CS1101C Practical Exam

Makeup Session

Document Word Frequency Counting

The name of your C program file must be called countdoc.c, files with any other name will not be marked.

Certain words in the English language occur more often than others. Your objective is to write a program to found out which are the most commonly occuring words in the English language.

Your program must read a document text file called doc.txt and record the frequency of every word found in the text file. You can assume that each line in doc.txt will never exceed 100 characters, and that none of the words will exceed 30 characters. Assume doc.txt always exist. The file doc.txt may contain multiple lines, and some of these lines may be blank. Suppose doc.txt contains:

Why Play Bridge?

Why not? It is easy to learn! It is fun! Through duplicate play,
opportunities abound to meet new people, travel to exciting cities, and
experience the psychic rewards of being recognized as a winner!

The ABA, through its local chapters and clubs, offers many levels of
instruction and you may learn at your own pace. Your instructor will
introduce you to one or more of the many easy-to-read books on bridge,
some of which may be available at your local library. And, since bridge
players love to play, you can always find a more experienced player to
help you. Therefore, even if you do not play cards now, you can learn to
play and enjoy bridge. If you are an experienced card player, you
already know how much fun card playing can be.

So, consider joining the world of competitive bridge through a
membership in the ABA. Chances are that at least one of our over 5000
members lives in your city or town. He or she may be young or more
experienced, a college student, a retiree, a government employee or
official, a business person, or the teenage son or daughter of a bridge
player. Our diverse membership adds to the interest of duplicate bridge.
Membership and game fees are nominal.

Your program must read in doc.txt, convert all the words to all lowercase letters, count the frequency of every word that appears in the document, and write the output into the text file freq.txt. Assume that the list of delimiters is given by ",.?! :;()-" (do not forget the space). Overwrite the output file if it already exists.

The format of the output file freq.txt is:

  1. Each line contains a word followed by a single space, then the word's frequency.
  2. The file must be sorted firstly in descending order of frequency (the word with the highest frequency comes first). For those words with the same frequency, the words must be sorted in alphabetical order (dictionary order), with digits coming before letters (the "word" 5000 comes before the word abound).

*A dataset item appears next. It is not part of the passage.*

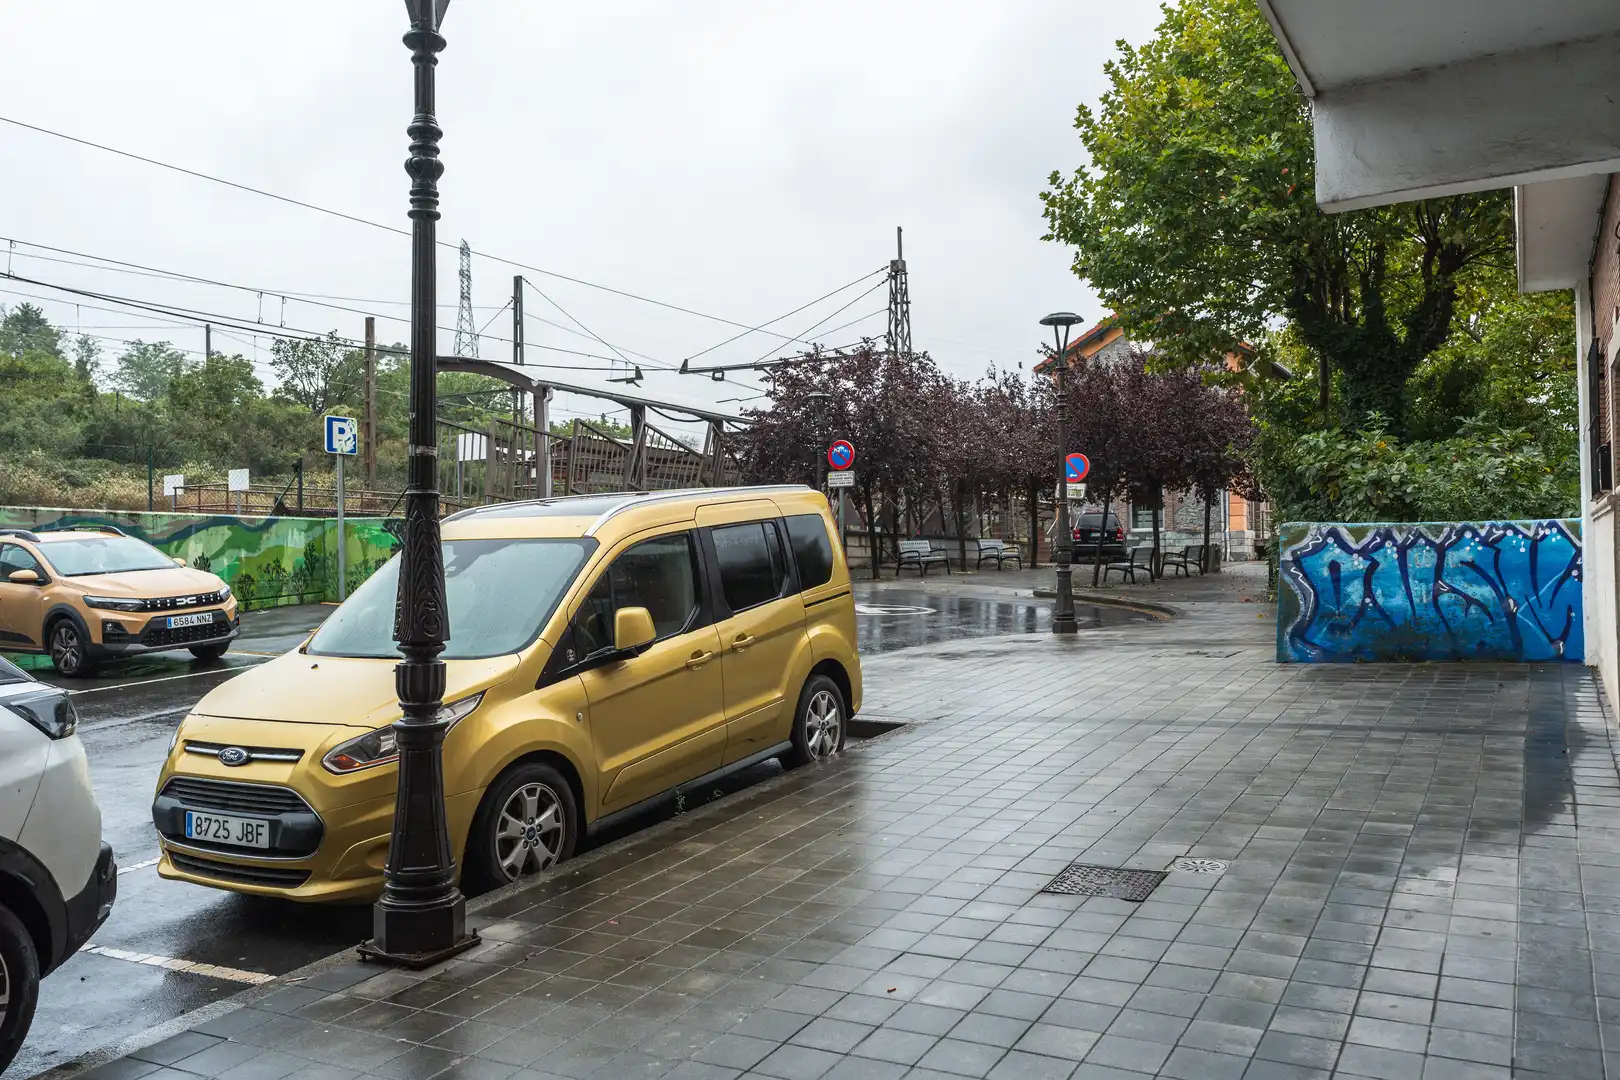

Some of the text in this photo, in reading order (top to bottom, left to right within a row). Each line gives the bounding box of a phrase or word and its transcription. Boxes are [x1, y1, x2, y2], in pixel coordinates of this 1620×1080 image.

The first ten lines of the output file freq.txt (based on the example document.txt given) is shown as follows:

to 9
a 8
of 8
you 8
bridge 7
or 7
the 7
and 6
play 5
your 4

This is because the word to occurs nine times, the words a, of, and you occur eight times, and so on. Notice that since a, of, and you occur the same number of times, they are sorted into alphabetical order.

The full contents of the above output file can be found in the file freq_correct.txt in your directory.

A sample doc.txt file has been placed in your directory by the pesetup program.

We will test your program with other doc.txt files.

All the best!

Some useful UNIX commands (in case you forgot what you did in Lab 0):

  1. "ls -l": lists all the files in the directory.
  2. "cp a.txt b.txt": copies a.txt to b.txt.
  3. "mv a.txt b.txt": moves / renames a.txt to b.txt.
  4. "cat a.txt": displays the text file a.txt.